Extracted records
● ● ●

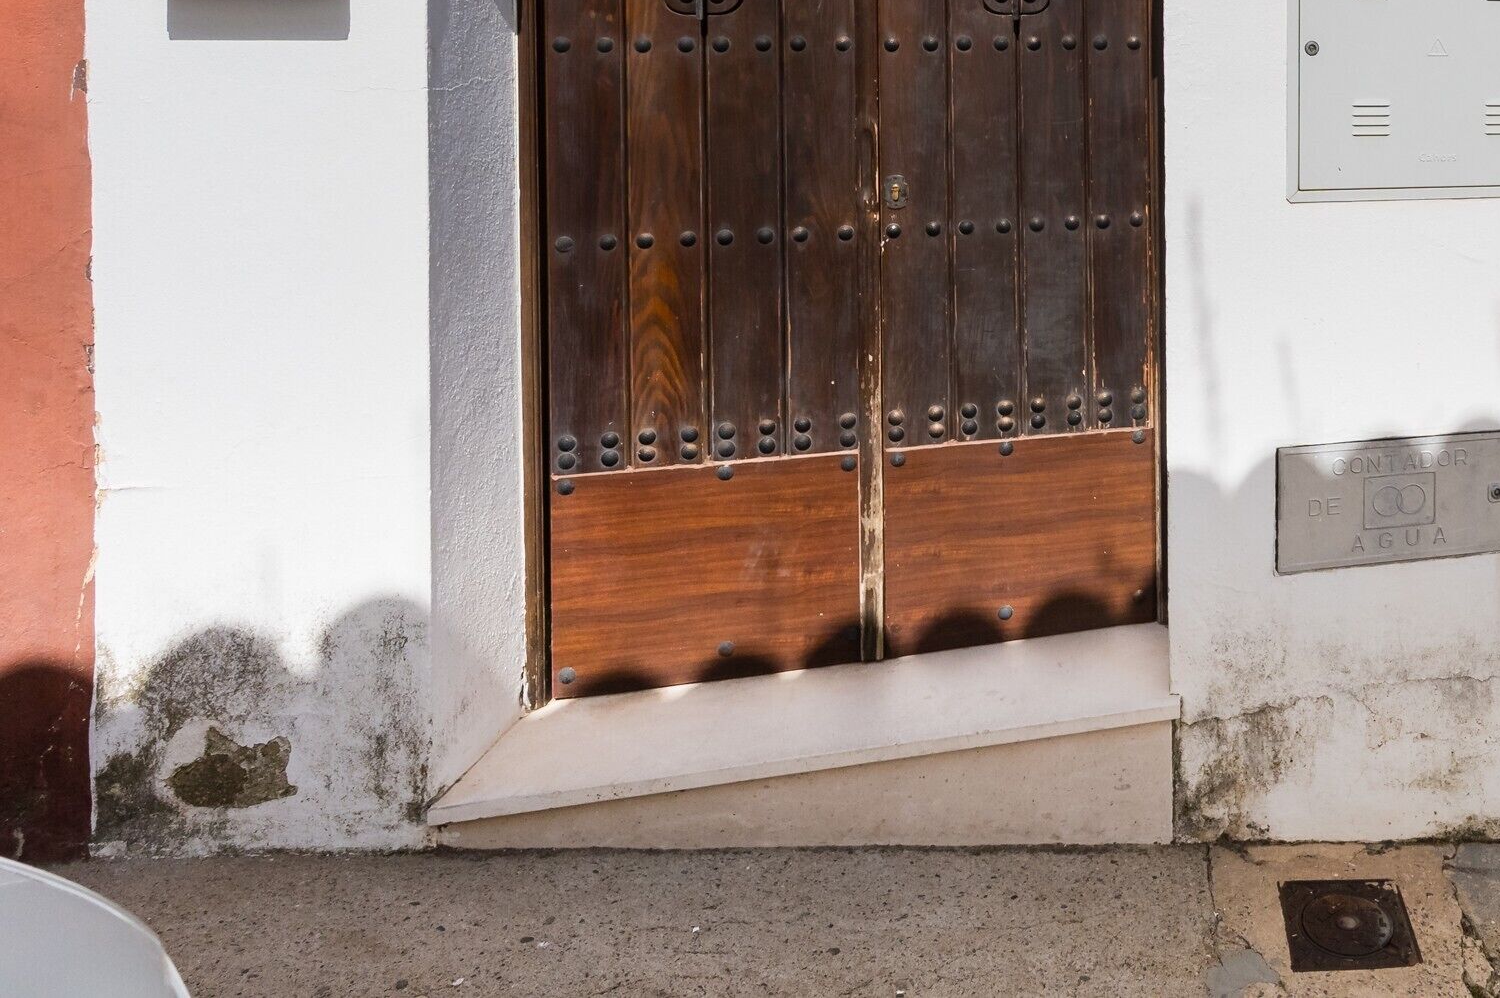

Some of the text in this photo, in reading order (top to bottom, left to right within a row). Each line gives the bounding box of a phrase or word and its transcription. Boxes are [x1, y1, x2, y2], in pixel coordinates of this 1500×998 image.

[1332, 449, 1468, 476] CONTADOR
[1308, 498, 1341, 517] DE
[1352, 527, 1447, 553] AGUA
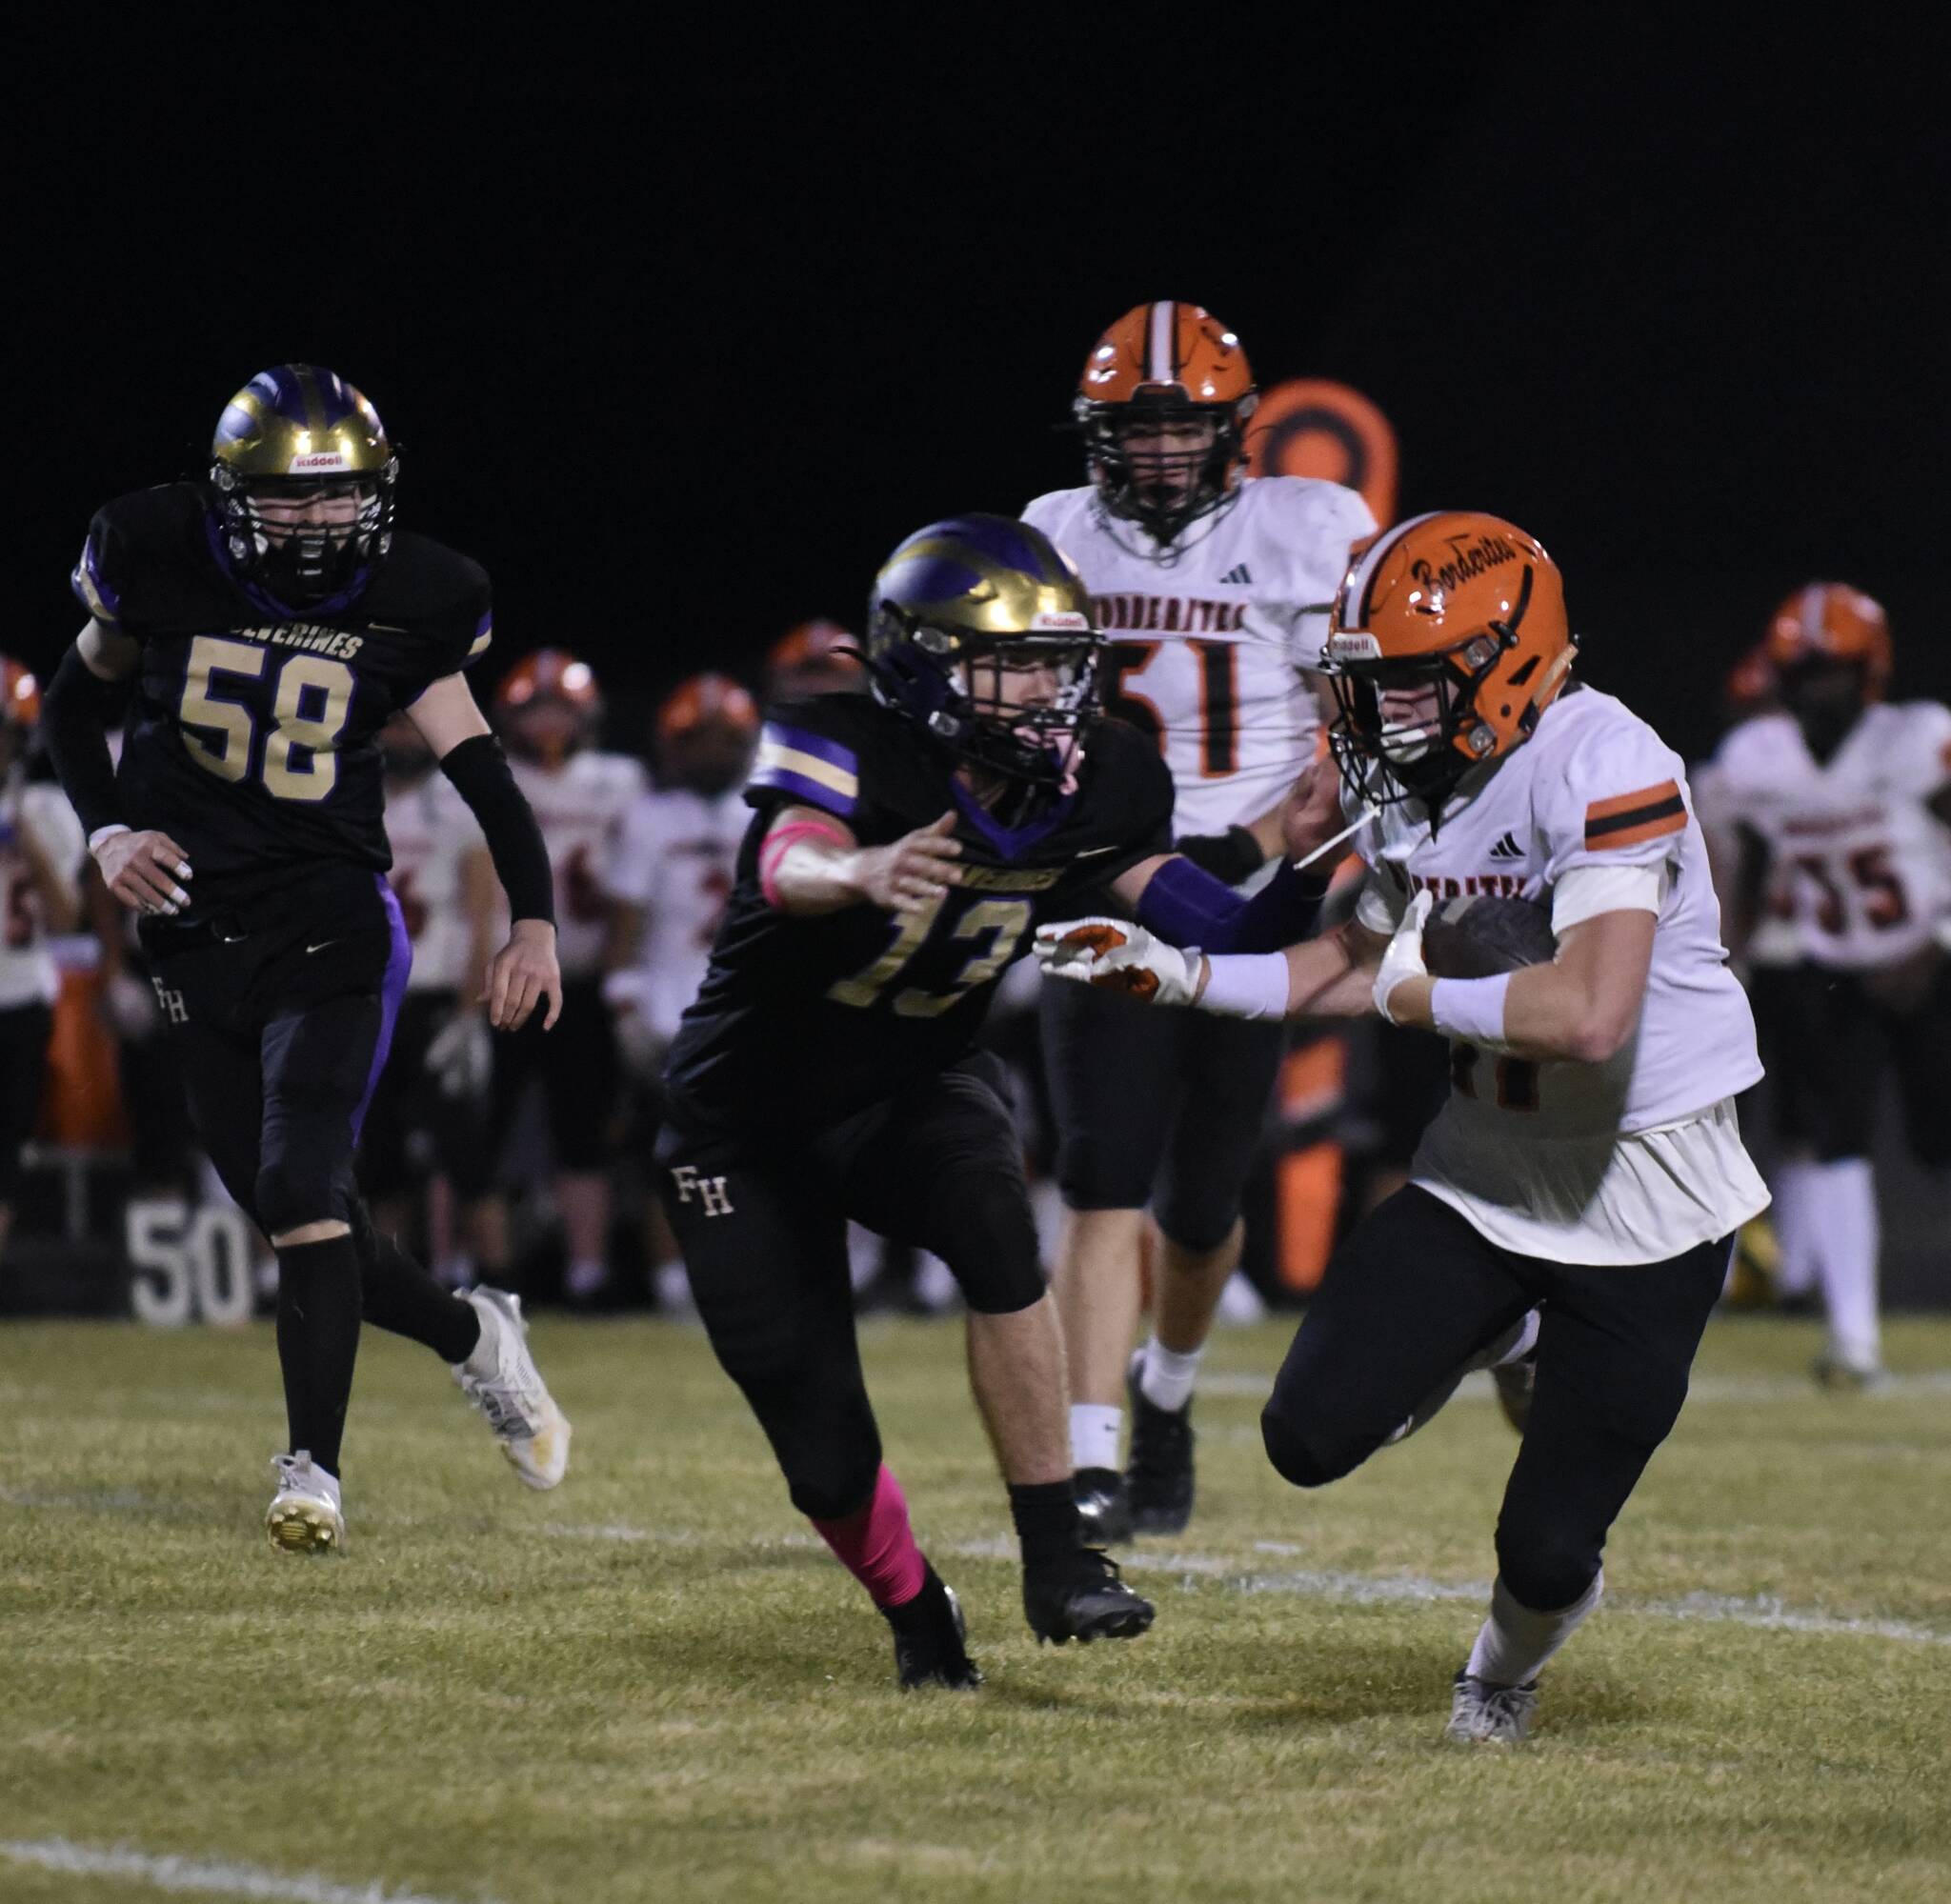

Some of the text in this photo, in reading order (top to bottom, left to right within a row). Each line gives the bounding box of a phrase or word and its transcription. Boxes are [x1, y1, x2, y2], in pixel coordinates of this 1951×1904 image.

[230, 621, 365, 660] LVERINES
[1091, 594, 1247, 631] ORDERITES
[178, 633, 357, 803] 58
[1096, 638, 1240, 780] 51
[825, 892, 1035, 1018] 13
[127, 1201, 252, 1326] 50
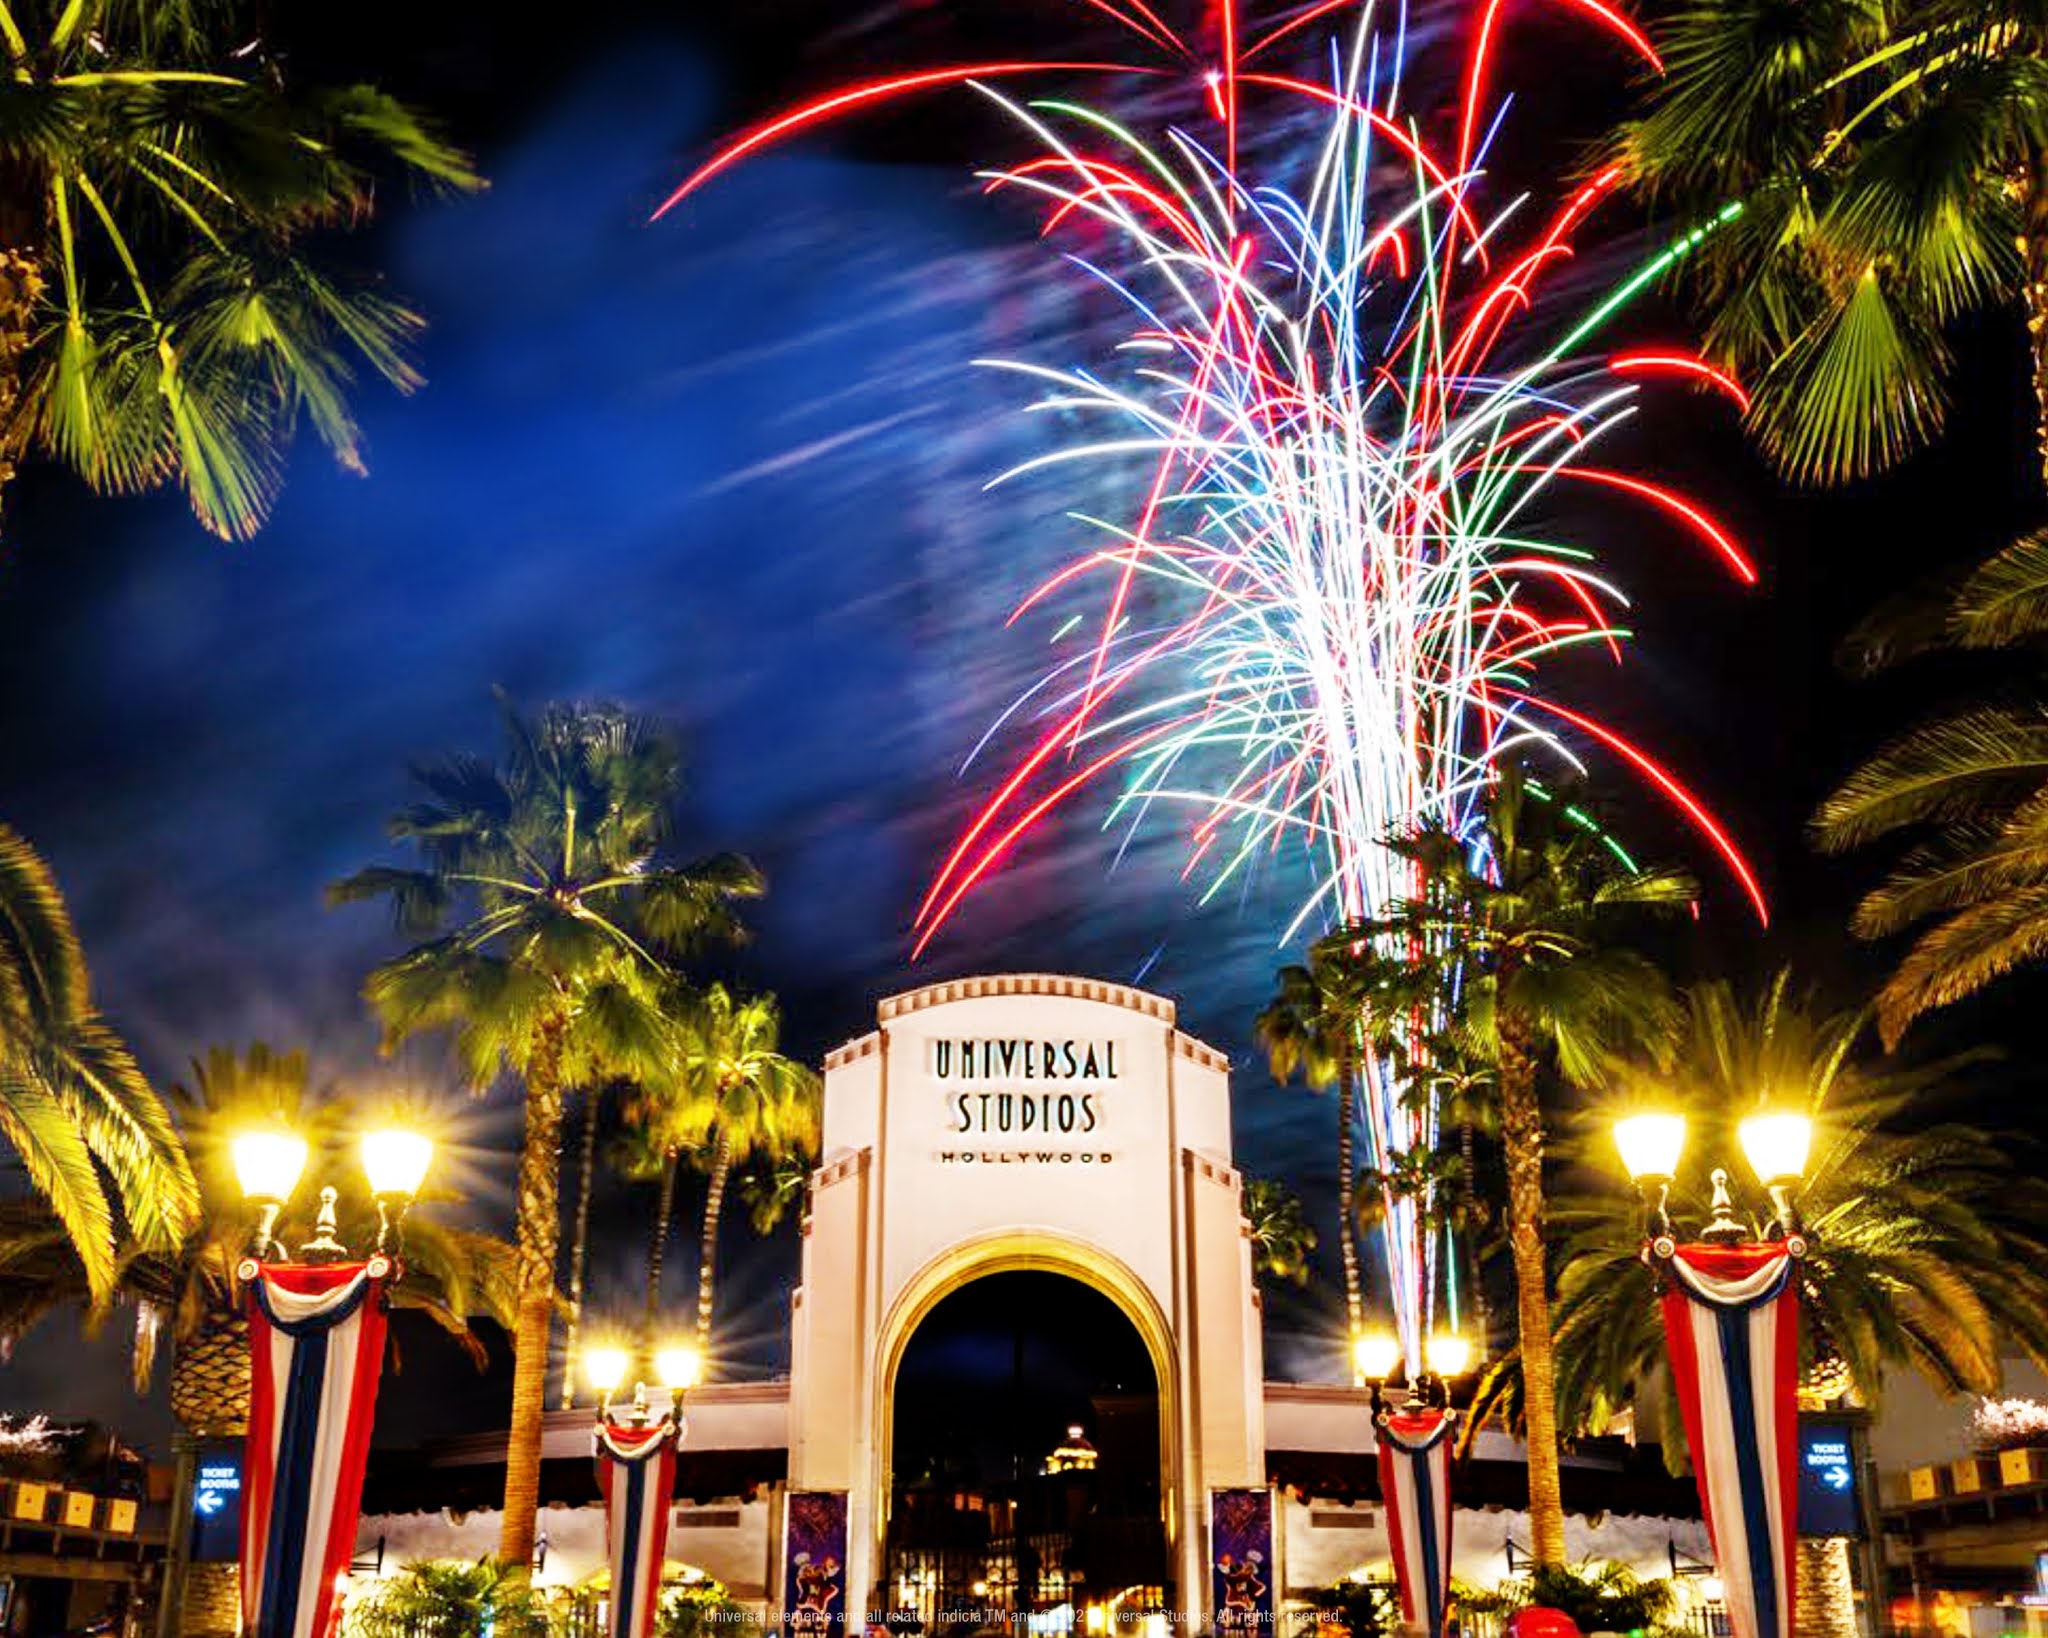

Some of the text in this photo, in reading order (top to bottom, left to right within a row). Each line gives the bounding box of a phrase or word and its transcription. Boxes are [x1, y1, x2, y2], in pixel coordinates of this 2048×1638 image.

● ● ●

• BRIEF
Repeat each line of the records exactly, dropping the pictures.

• REPLY TO THE EXERCISE
Some of the text in this photo, in reading order (top to bottom, left to right within a row). Each line gives the bounding box of a phrase or word and its transcription. Boxes are [x1, y1, x2, y2], in pixel coordinates of this 1500×998 image.

[1332, 449, 1468, 476] CONTADOR
[1308, 498, 1341, 517] DE
[1352, 527, 1447, 553] AGUA

Some of the text in this photo, in reading order (top to bottom, left to right within a row). Each line gives the bounding box of a phrase or word and its transcription. Boxes are [x1, y1, x2, y2], in pixel coordinates of this 1951×1904 image.

[230, 621, 365, 660] LVERINES
[1091, 594, 1247, 631] ORDERITES
[178, 633, 357, 803] 58
[1096, 638, 1240, 780] 51
[825, 892, 1035, 1018] 13
[127, 1201, 252, 1326] 50

Some of the text in this photo, in reading order (top to bottom, left to right within a row). Each line gives the bounding box of a phrase or word and its transcription. Boxes are [x1, y1, x2, y2], in pixel coordinates of this 2048×1638 image.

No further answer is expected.